Isolado pela esquerda, Lula some do mapa e evita assuntos polêmicos ligados ao governo Bolsonaro

O ex-presidente Luiz Inácio Lula da Silva (PT), governou o Brasil entre os anos de 2003 a 2010, anda longe dos holofotes, o que causa estranheza aos seus milhões de seguidores. Após deixar a prisão, em novembro do ano passado, o fundador do PT mergulhou no mais absoluto anonimato político.

Lula foi condenado a 9 anos de prisão pelo ex-juiz Sérgio Moro, nas investigações da Operação Lava Jato, por supostamente ter recebido como propina de empreiteiros um apartamento tríplex no Guarujá, região litorânea de São Paulo.
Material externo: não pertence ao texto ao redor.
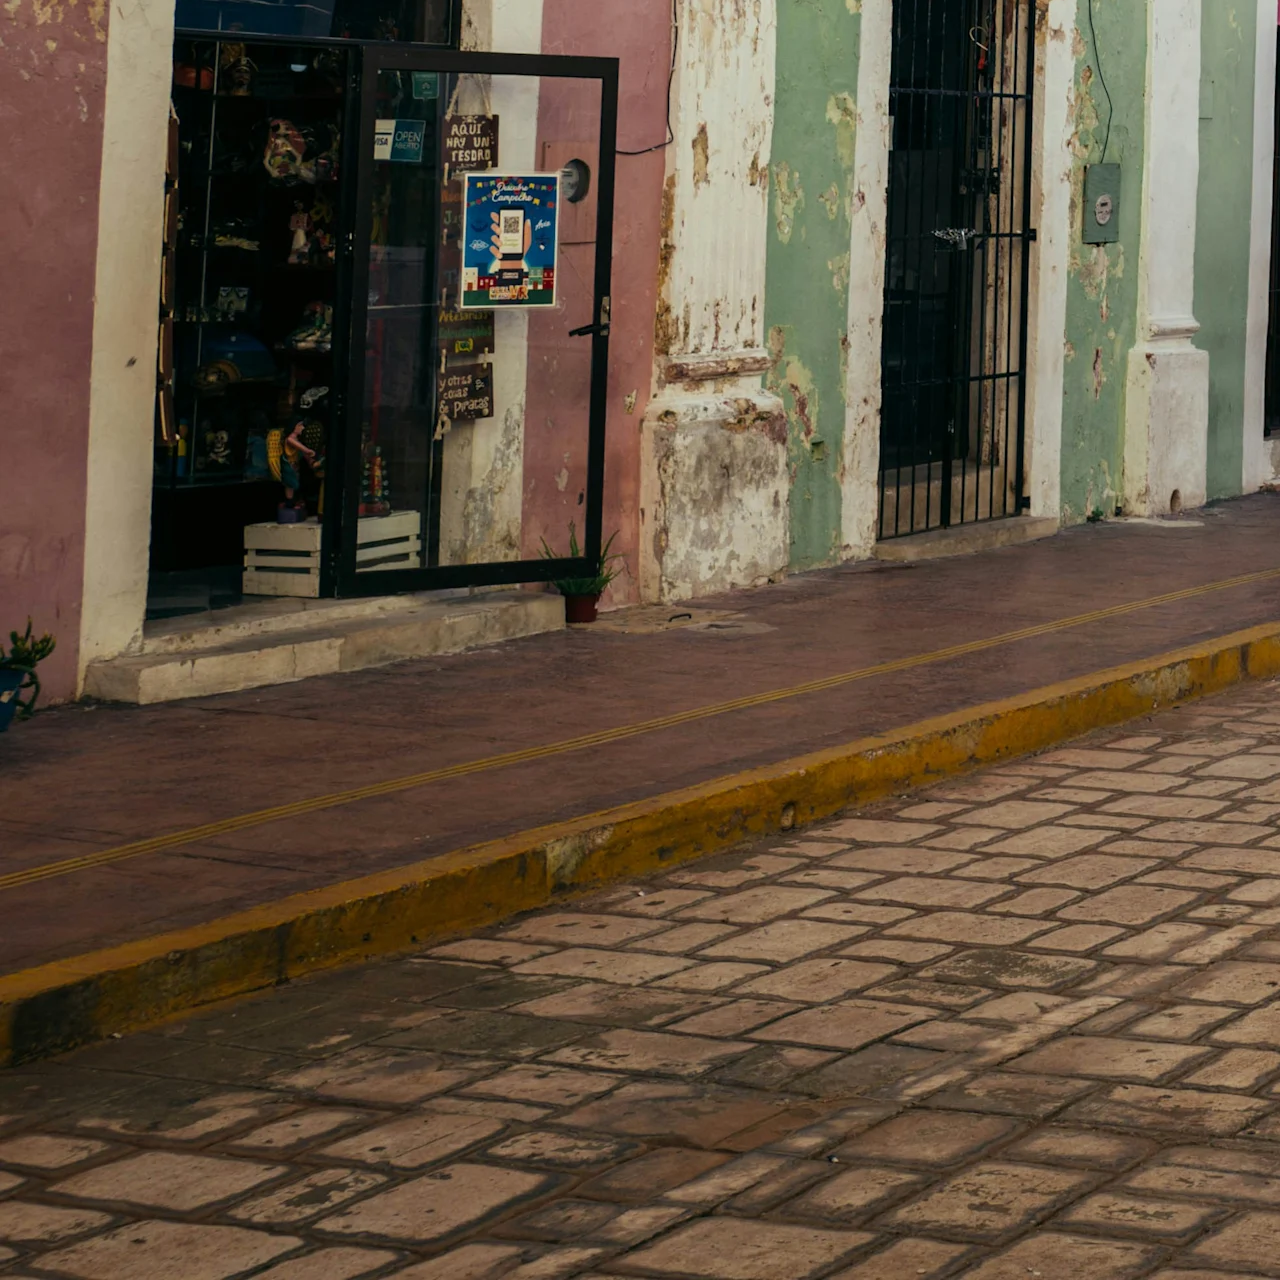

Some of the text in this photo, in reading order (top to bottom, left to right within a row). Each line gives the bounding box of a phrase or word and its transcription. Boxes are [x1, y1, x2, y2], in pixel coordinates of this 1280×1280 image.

Ele nega todas as acusações.

Mesmo solto, sem restrições impostas pela Justiça, o ex-presidente, se confinou no apartamento em que reside, na região do ABC, berço da sua luta sindical desde os anos 70. Nos últimos meses não se viu entrevistas de Lula aos maiores portais de notícias, revistas de grande circulação ou emissoras de TV. Raramente, após muita insistência, Lula participa de lives, organizadas por lideres petistas.
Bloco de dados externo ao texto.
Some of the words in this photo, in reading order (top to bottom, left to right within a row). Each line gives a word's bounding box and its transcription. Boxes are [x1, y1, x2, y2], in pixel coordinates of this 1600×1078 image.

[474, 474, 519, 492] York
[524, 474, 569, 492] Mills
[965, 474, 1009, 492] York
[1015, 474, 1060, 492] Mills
Tanto na oposição, como quando governou o Brasil, Lula não passava um dia sequer longe dos olhares de jornalistas, blogueiros ou aliados com penetração na mídia digital.
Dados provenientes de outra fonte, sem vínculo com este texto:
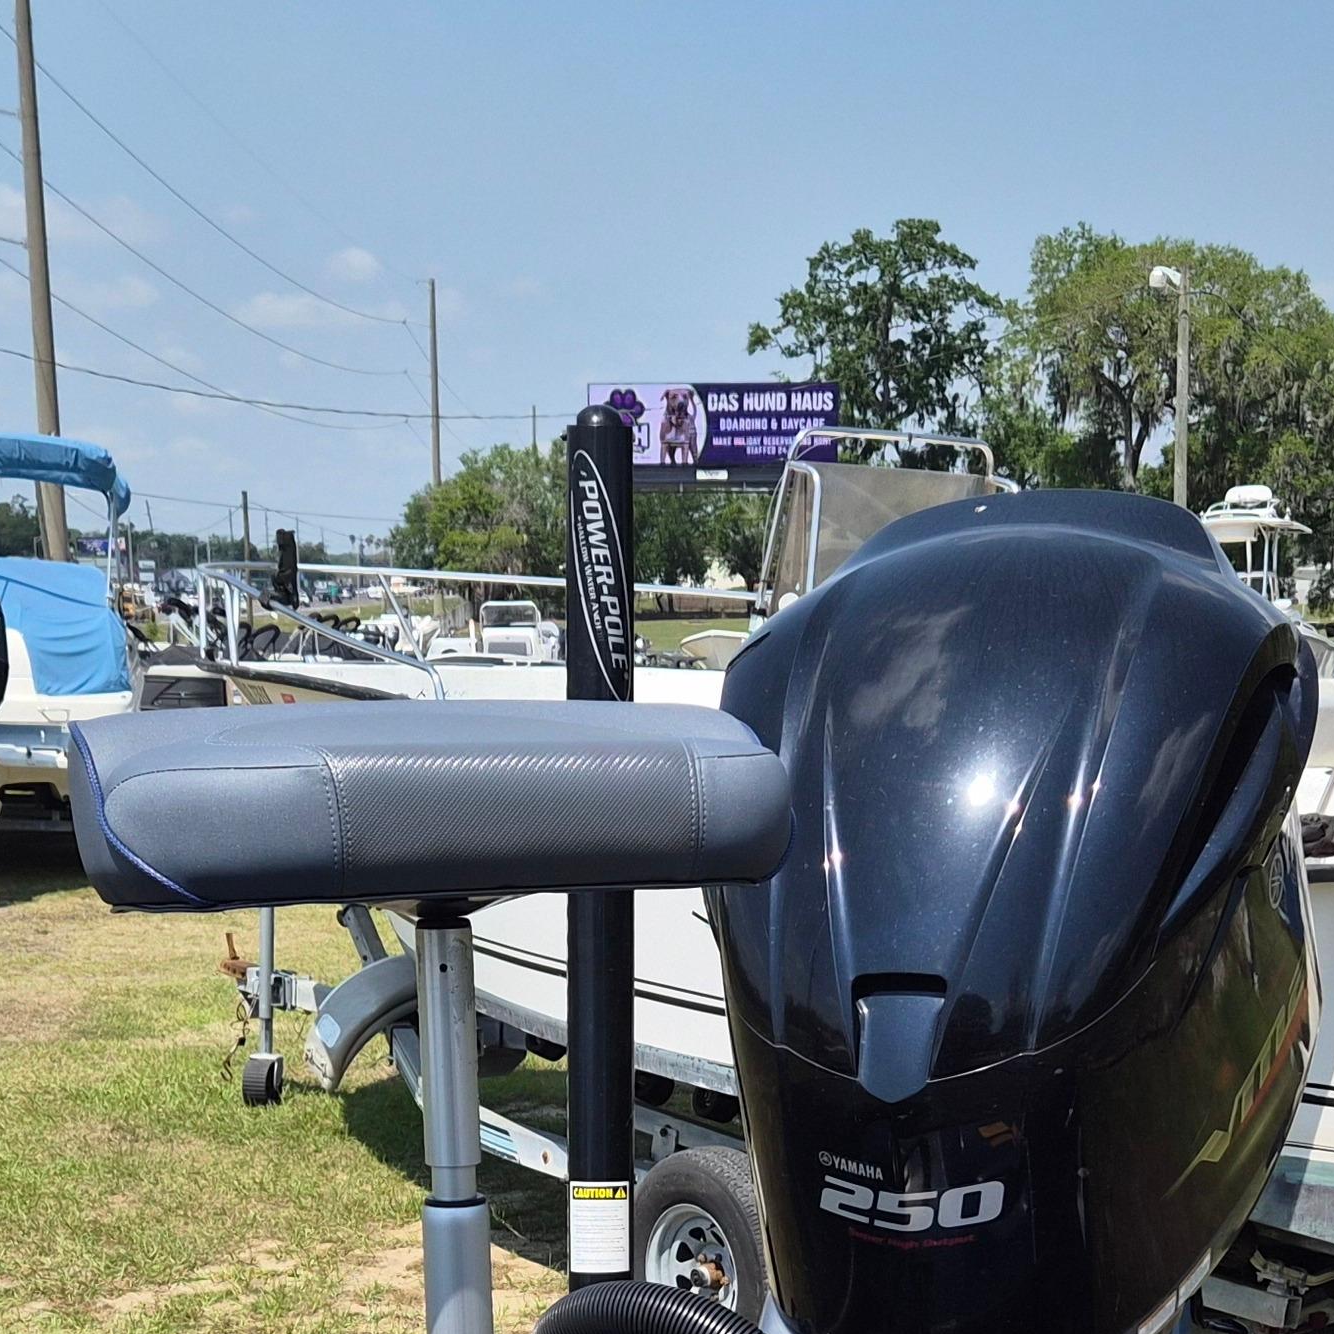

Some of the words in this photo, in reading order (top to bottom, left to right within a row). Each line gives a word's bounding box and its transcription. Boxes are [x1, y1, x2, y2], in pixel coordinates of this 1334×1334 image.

[707, 392, 739, 411] DAS
[743, 392, 787, 411] HUND
[791, 391, 834, 411] HAUS
[720, 417, 768, 431] BOARDING
[771, 418, 778, 430] &
[579, 479, 628, 670] POWER-POLE
[832, 1155, 884, 1181] YAMAHA
[573, 1187, 614, 1199] CAUTION
[819, 1174, 1005, 1232] 250
[922, 1234, 977, 1248] Output
O sumiço do ex-presidente incomoda até mesmo seus adversários, como o atual chefe do Alvorada, Jair Bolsonaro. Nos últimos seis meses, Lula não teceu comentários sobre, por exemplo, as sucessivas trocas de comando no Ministério da Educação. Ele também se silenciou quanto a crise sanitária no Brasil, causada pelo coronavírus, sem que o Planalto defina um titular para o ministério da Saúde.

Por fim, Lula se afastou de partidos aliados ao PT historicamente como PDT, PSB, Psol, PC do B e PSTU. “Ele (Lula) está triste com a fase negativa em que vive o Brasil. Neste momento, ele faz uma reflexão da sua vida, do seu governo. Mais adiante, o Lula vai falar”, revelou uma fonte ligada ao Diretório Nacional do PT.